Chances are, you’ve crossed paths with a narcissist. Narcissists are notorious for their love of arguments, and while it can be frustrating for those on the receiving end, understanding why they relish these disputes can provide some clarity.
- Narcissistic Supply: Arguing offers narcissists a steady source of narcissistic supply, which is essentially their lifeblood. These individuals crave attention and validation, and engaging in an argument provides the perfect platform for them to shine, assert their dominance, and feed their insatiable ego.
- Power and Control: Narcissists have an insatiable need for power and control over their surroundings, and arguing is a way for them to exert dominance. When they engage in an argument, they feel like they’re the puppet masters, manipulating the conversation and steering it in their preferred direction.
- Validation of Superiority: Narcissists often see themselves as superior beings, and arguing allows them to showcase their perceived intellectual prowess. They want to be right, even if they’re not, because winning the argument reinforces their self-image of superiority and intelligence.
- Diversion from Self-Reflection: Engaging in arguments serves as a diversion from self-reflection and introspection, something narcissists tend to avoid at all costs. Arguments keep their minds occupied, preventing them from acknowledging their own flaws or insecurities.
- Maintaining a False Self-Image: Arguing is a way for narcissists to maintain their carefully crafted false self-image. They present themselves as infallible and all-knowing, and any challenges to this image are met with fierce resistance. Arguing allows them to uphold the façade they’ve created, even if it means distorting the truth.

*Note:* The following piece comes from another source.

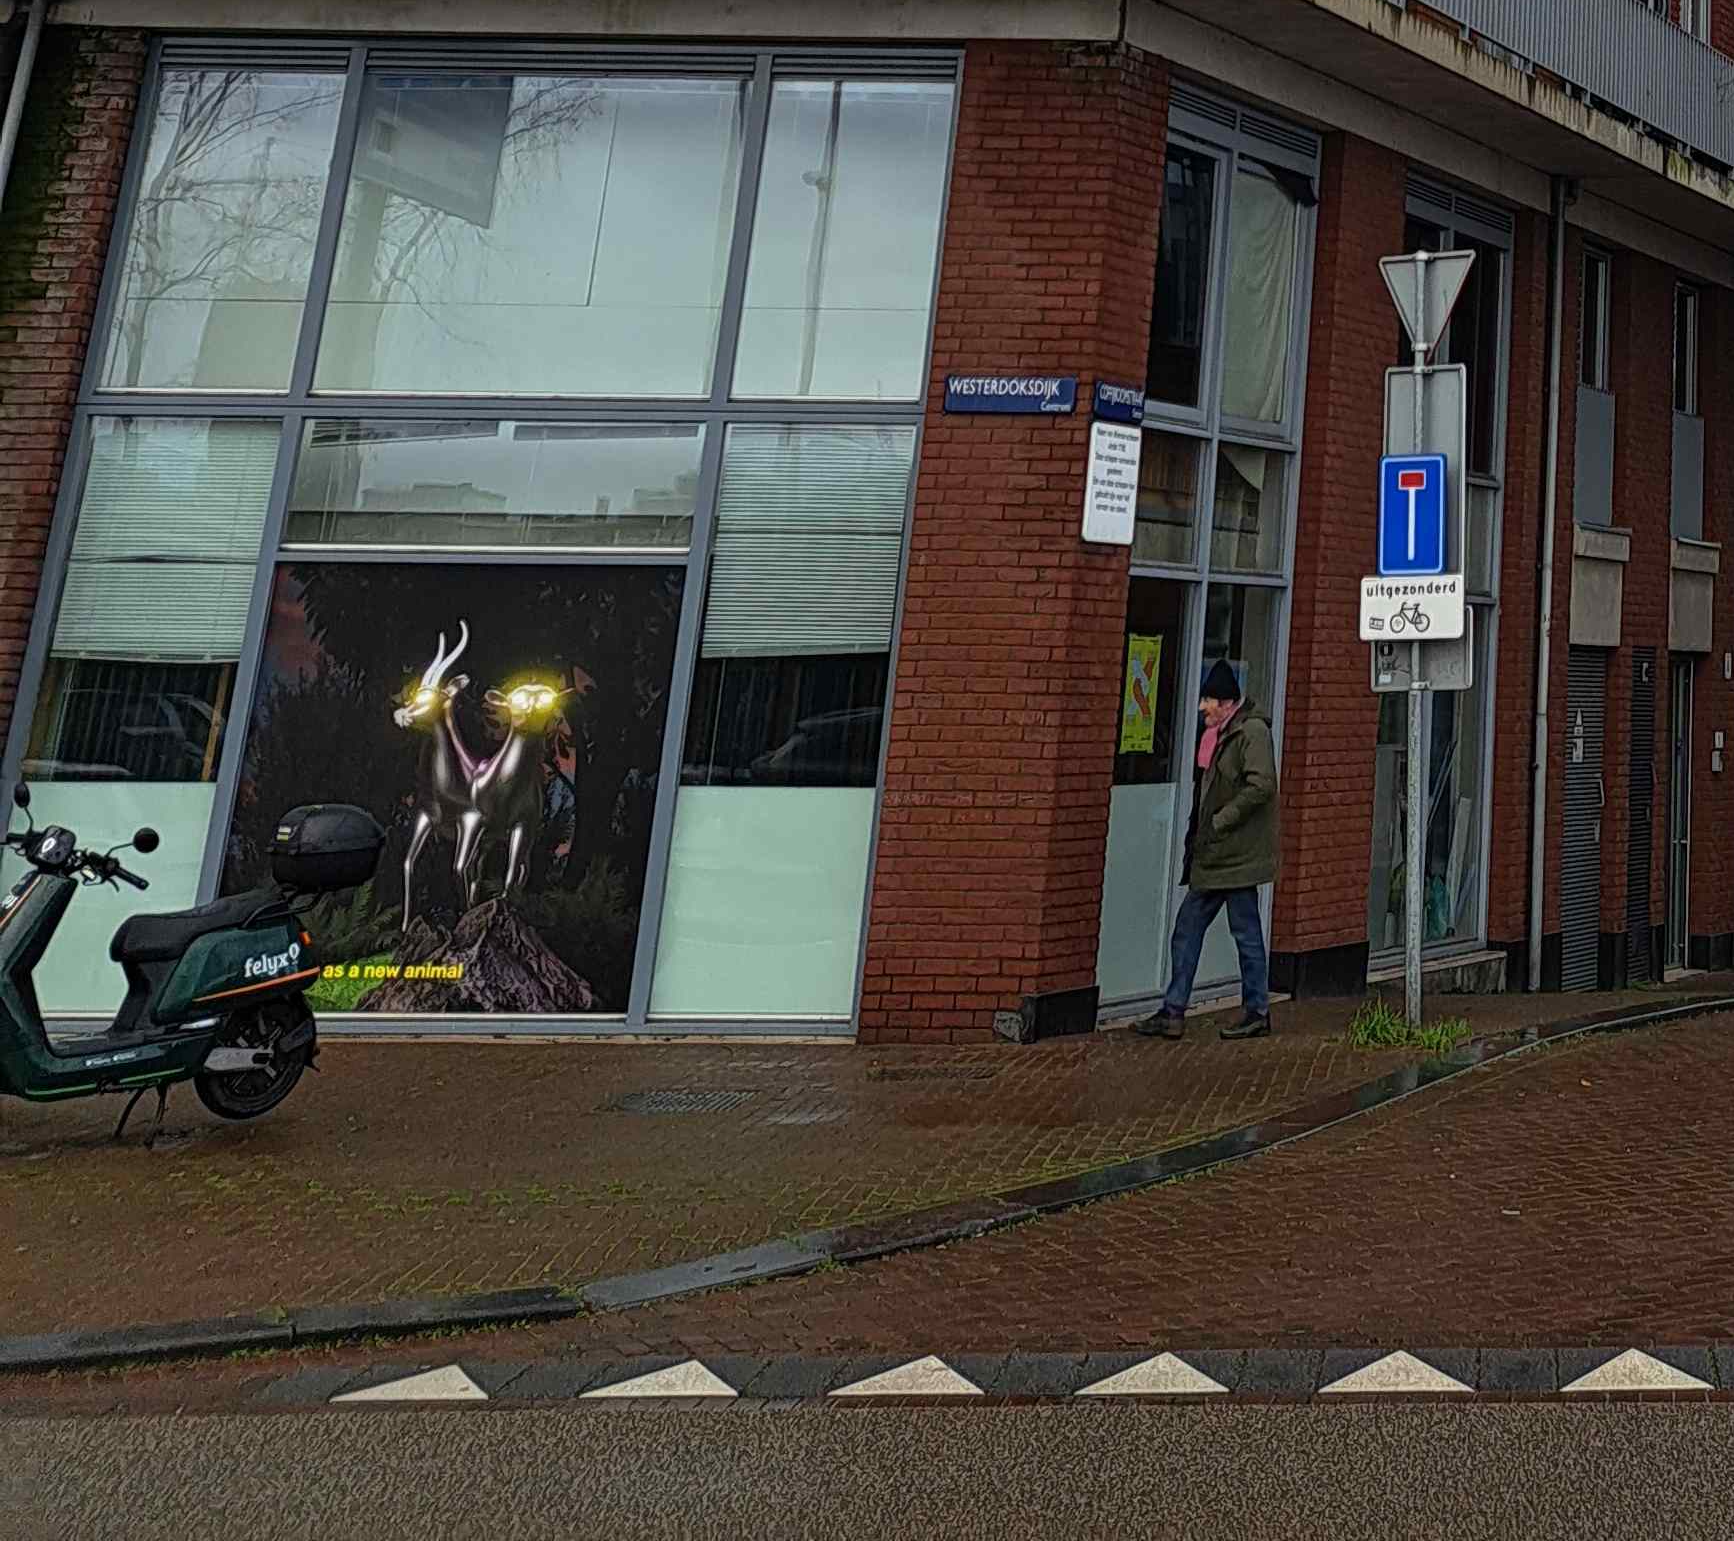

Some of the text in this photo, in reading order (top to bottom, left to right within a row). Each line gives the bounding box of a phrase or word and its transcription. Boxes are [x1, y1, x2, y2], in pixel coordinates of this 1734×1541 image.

Dealing with narcissists who love to argue can be challenging. It’s essential to recognize their motivations, as this can help you disengage and set boundaries.
Remember that not every disagreement is worth your time and energy, and sometimes, the best approach is to walk away from the argument.
Narcissists may thrive on conflict, but you have the power to choose your battles wisely and protect your peace of mind.